Problem requirements => With the images removed, write out every line below exactly.

[Stored items from a collection]
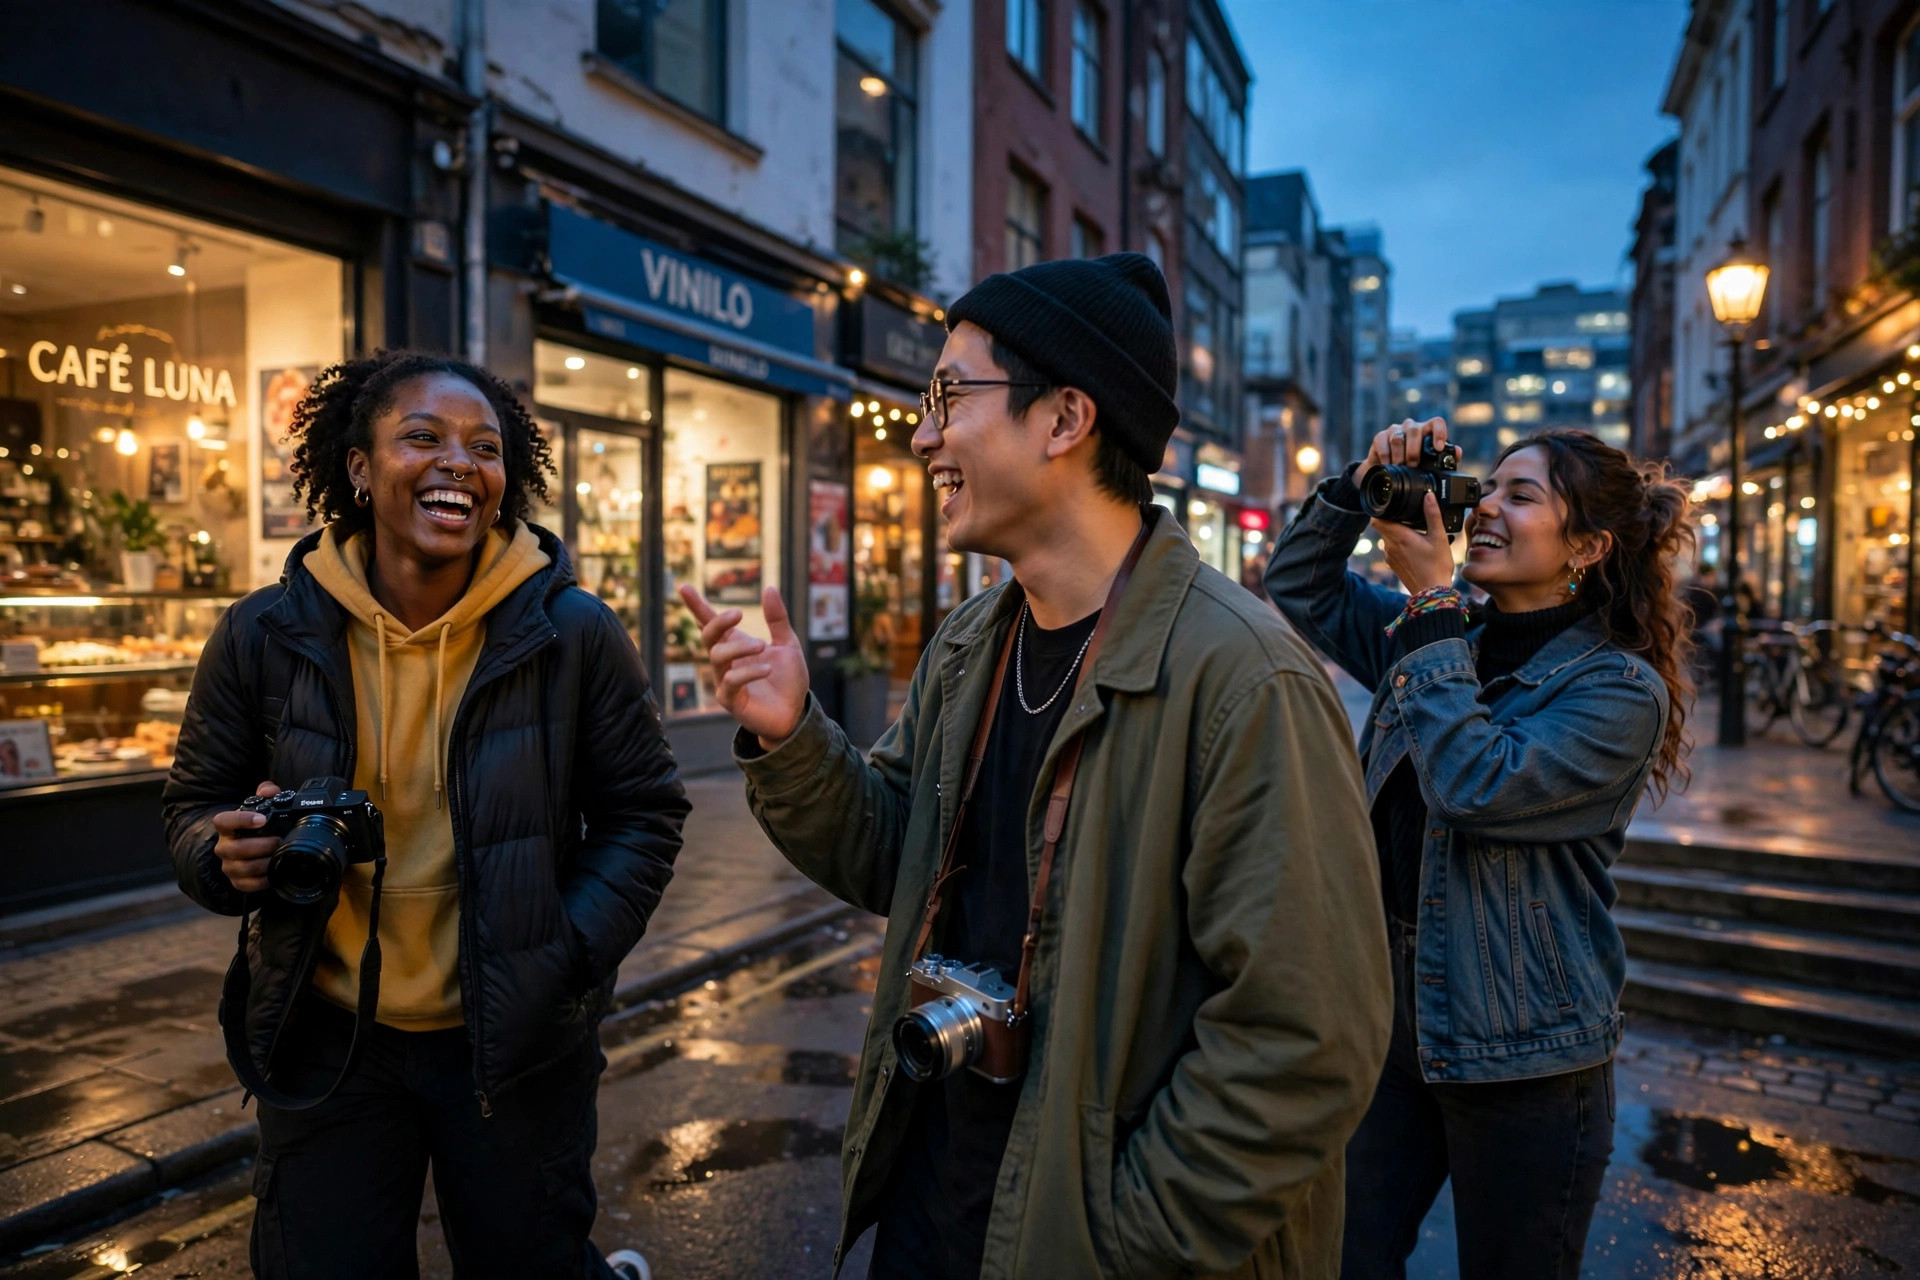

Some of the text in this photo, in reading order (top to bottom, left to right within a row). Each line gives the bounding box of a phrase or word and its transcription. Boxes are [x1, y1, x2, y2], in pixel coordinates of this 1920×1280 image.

[641, 247, 753, 329] VINILO
[28, 340, 237, 408] CAFÉ LUNA
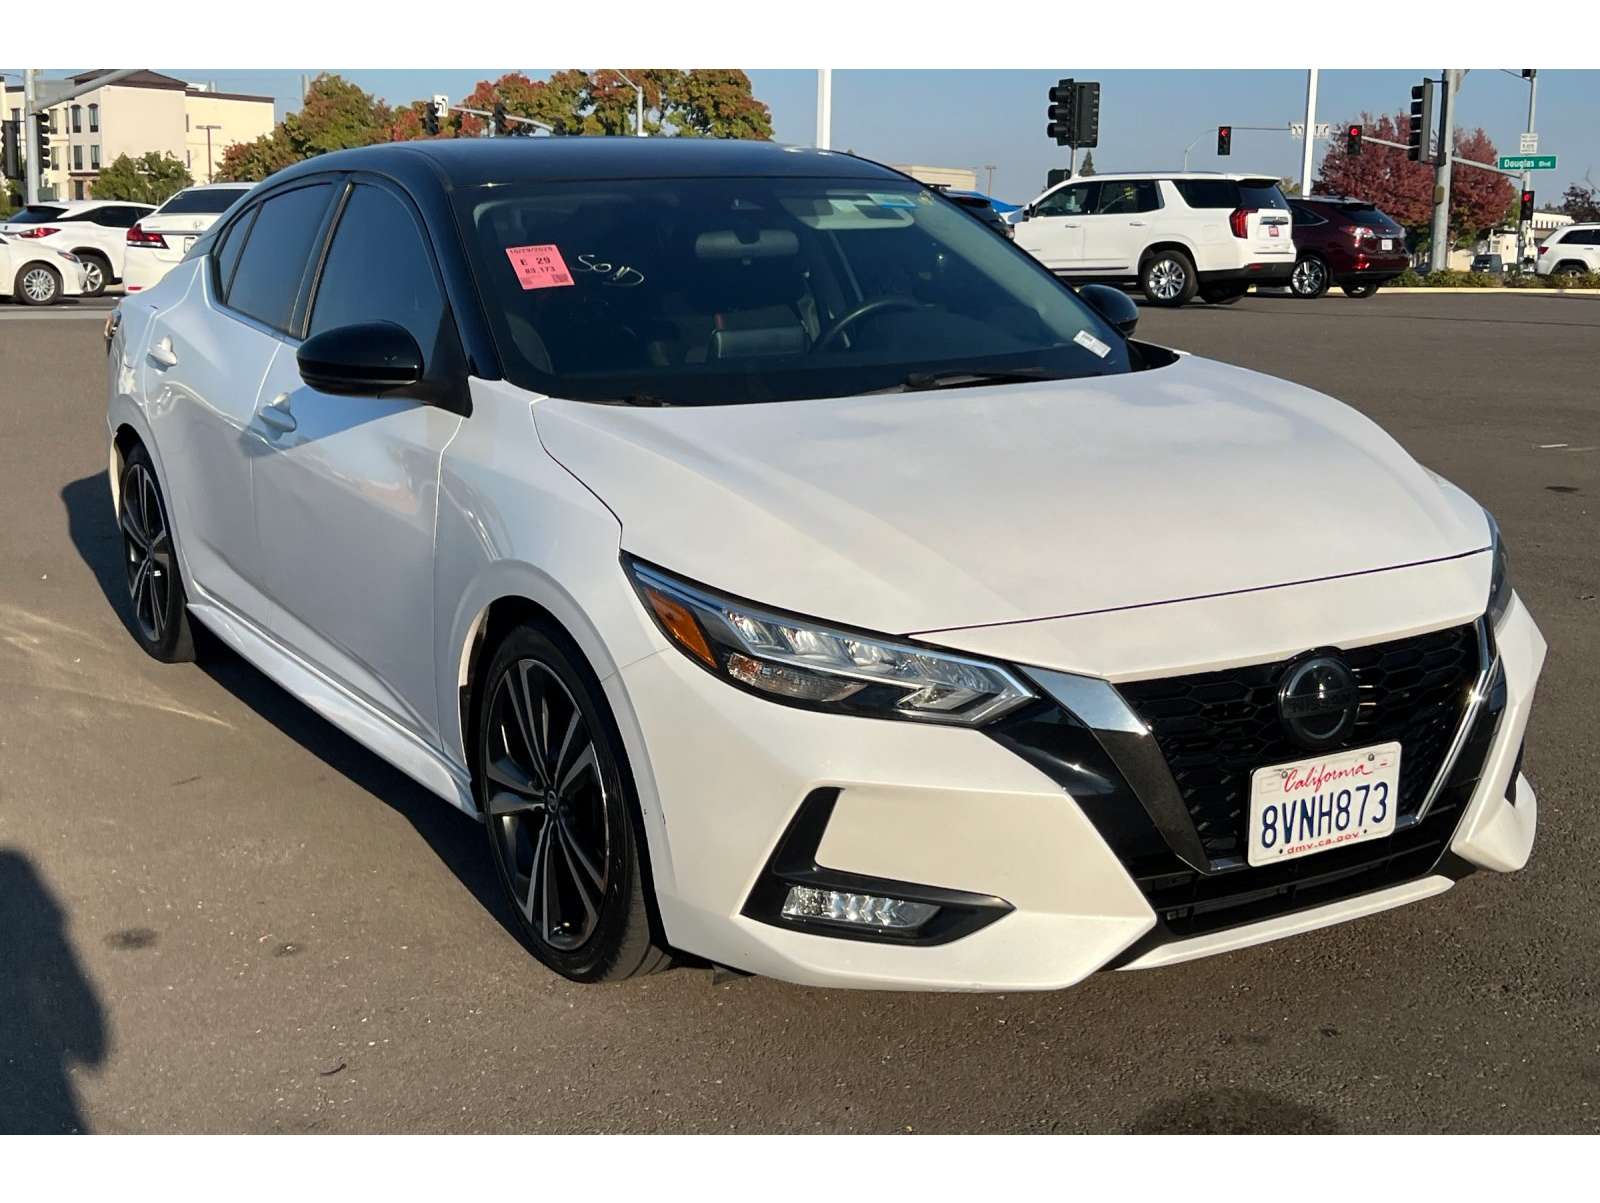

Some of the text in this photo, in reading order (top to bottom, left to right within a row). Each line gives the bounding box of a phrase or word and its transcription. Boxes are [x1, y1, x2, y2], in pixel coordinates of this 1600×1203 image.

[1504, 159, 1535, 168] Douglas
[536, 256, 551, 265] 29
[1284, 763, 1373, 793] California
[1261, 781, 1389, 849] 8VNH873
[1286, 829, 1361, 855] dmv.ca.gov

Answer space =>
Some of the text in this photo, in reading order (top to bottom, left to right within a row). Each line gives the bounding box of a phrase or word and its transcription. Boxes are [x1, y1, x2, y2], in pixel coordinates of this 1920×1280 image.

[641, 247, 753, 329] VINILO
[28, 340, 237, 408] CAFÉ LUNA

Some of the text in this photo, in reading order (top to bottom, left to right within a row). Each line gives the bounding box of a phrase or word and its transcription. Boxes are [x1, y1, x2, y2], in pixel coordinates of this 1600×1203 image.

[1504, 159, 1535, 168] Douglas
[536, 256, 551, 265] 29
[1284, 763, 1373, 793] California
[1261, 781, 1389, 849] 8VNH873
[1286, 829, 1361, 855] dmv.ca.gov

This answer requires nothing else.